Menurut Dicky, pencabutan status kedaruratan global bukan berarti virus Corona langsung hilang secara otomatis. Butuh transisi beberapa tahun untuk masa transisi.
“Pencabutan (status kedaruratan global) ini tidak berarti secara otomatis menghilangkan dampak langsung maupun tidak langsung dari COVID-19 itu sendiri. Akan butuh beberapa tahun untuk masa transisi. Itu yang harus disadari,” ungkap dokter yang meraih gelar magister sains dalam bidang epidemiologi penyakit menular di Universitas Griffith itu.
Advertisement
Perlu Refleksi dan Introspeksi
Dicky menganggap bahwa PHEIC ini merupakan sesuatu yang harus diselebrasi, syukuri, dan apresiasi karena akhirnya bisa terwujud.
Namun, diperlukan juga refleksi dan introspeksi terhadap apa yang telah dipelajari dan harus perbaiki. Mulai dari kemampuan mendeteksi penyakit berpotensi wabah secara dini, cara meresponnya, hingga mencari cara untuk mencegah hal yang serupa terjadi di masa depan.
“Ini yang jadi PR (pekerjaan rumah), terutama di sistem kesehatan. Tiga siklus ini masih menjadi tugas kita, karena di situ ada banyak sekali aspek yang harus kita perbaiki,” kata Dicky.

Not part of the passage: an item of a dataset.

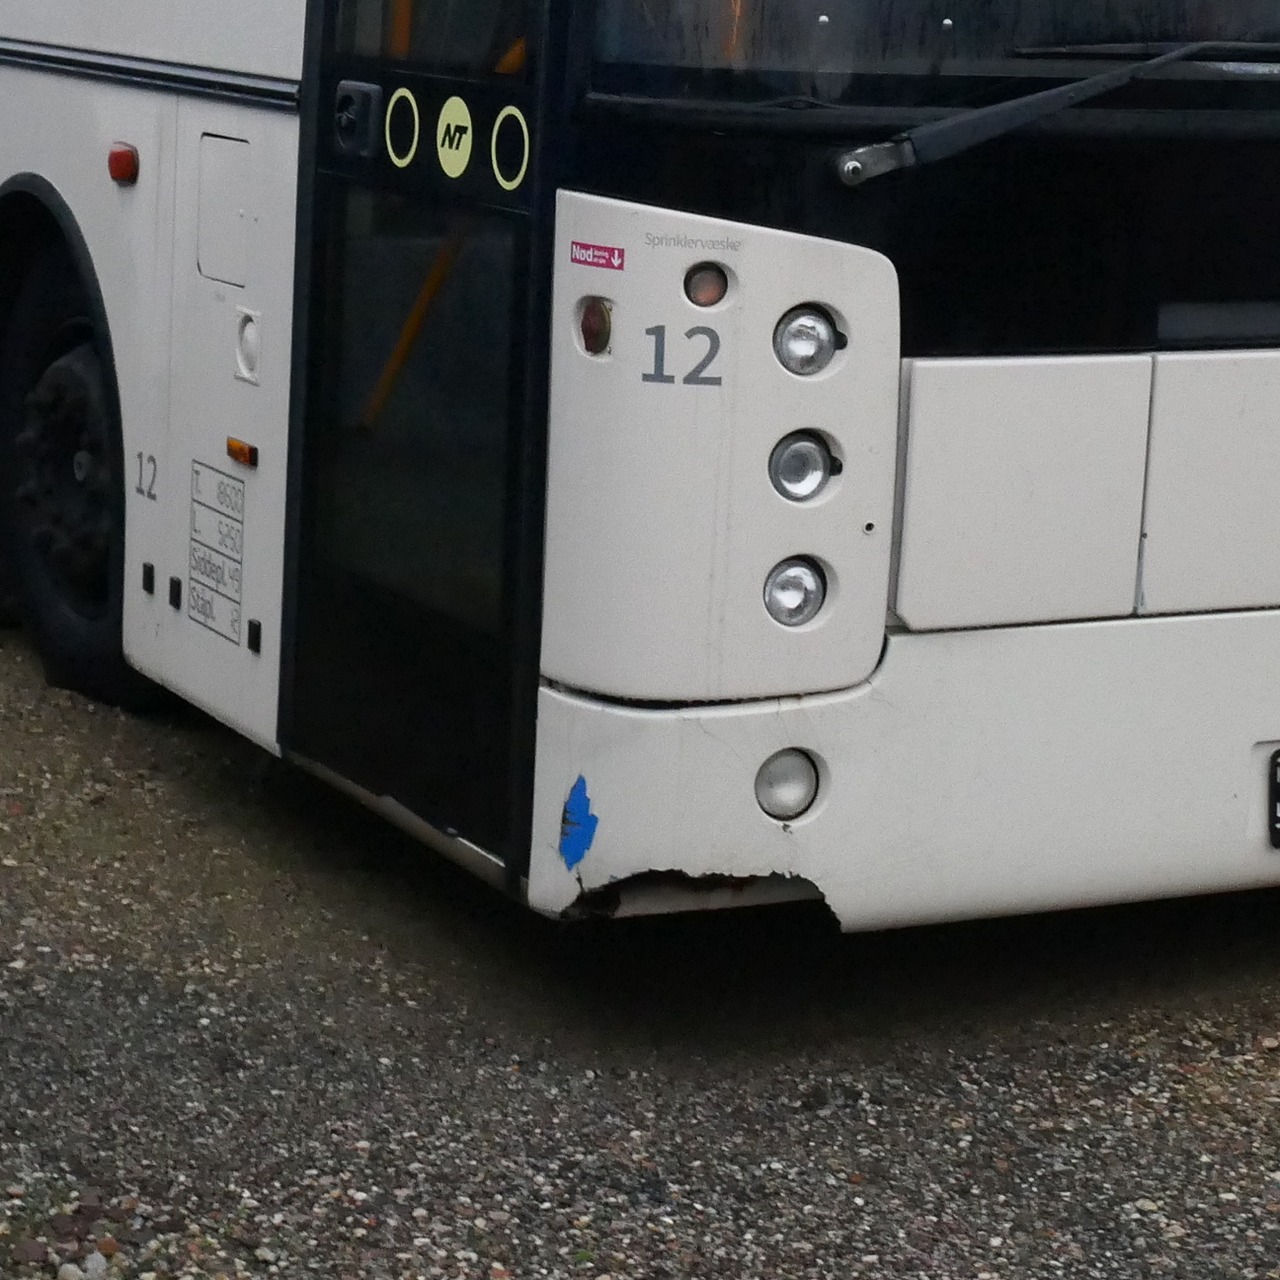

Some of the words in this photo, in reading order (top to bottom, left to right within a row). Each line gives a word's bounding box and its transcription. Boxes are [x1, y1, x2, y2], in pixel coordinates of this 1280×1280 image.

Kapan Indonesia Bisa Cabut Status Kedaruratan COVID-19?
Pencabutan PHEIC juga berdampak bagi status COVID-19 Indonesia. Dicky mengatakan bahwa dengan pencabutan status kedaruratan global, maka Indonesia juga bisa mencabut status kedaruratan tingkat nasional.
“Konsekuensi dari pencabutan ini artinya Indonesia bisa mencabut status kedaruratan COVID-19 di tingkat nasional,” ungkap Dicky.
Kabar menggembirakan ini tentunya harus dibarengi dengan kewaspadaan terhadap fakta bahwa pandemi COVID-19 itu sendiri masih nyata adanya.
Terkait hal ini, Kementerian Kesehatan RI mengungkapkan bahwa pencabutan status darurat level nasional harap ditunggu.
"Tentu saja untuk waktunya tunggu dulu ya, karena itu kewenangan dari Pak Menteri atau Pak Presiden," kata Juru Bicara Kementerian Kesehatan RI, Mohammad Syahril.
Terkait teknis pencabutan status darurat COVID-19 di Indonesia masih perlu dibicarakan lagi.
"Tergantung teknisnya, apa cukup di level menteri atau Presiden (yang mencabut). Cuma waktunya kita tunggu dulu karena ini kan yang punya kewenangan dari Menteri maupun Pak Presiden," jelas Syahril.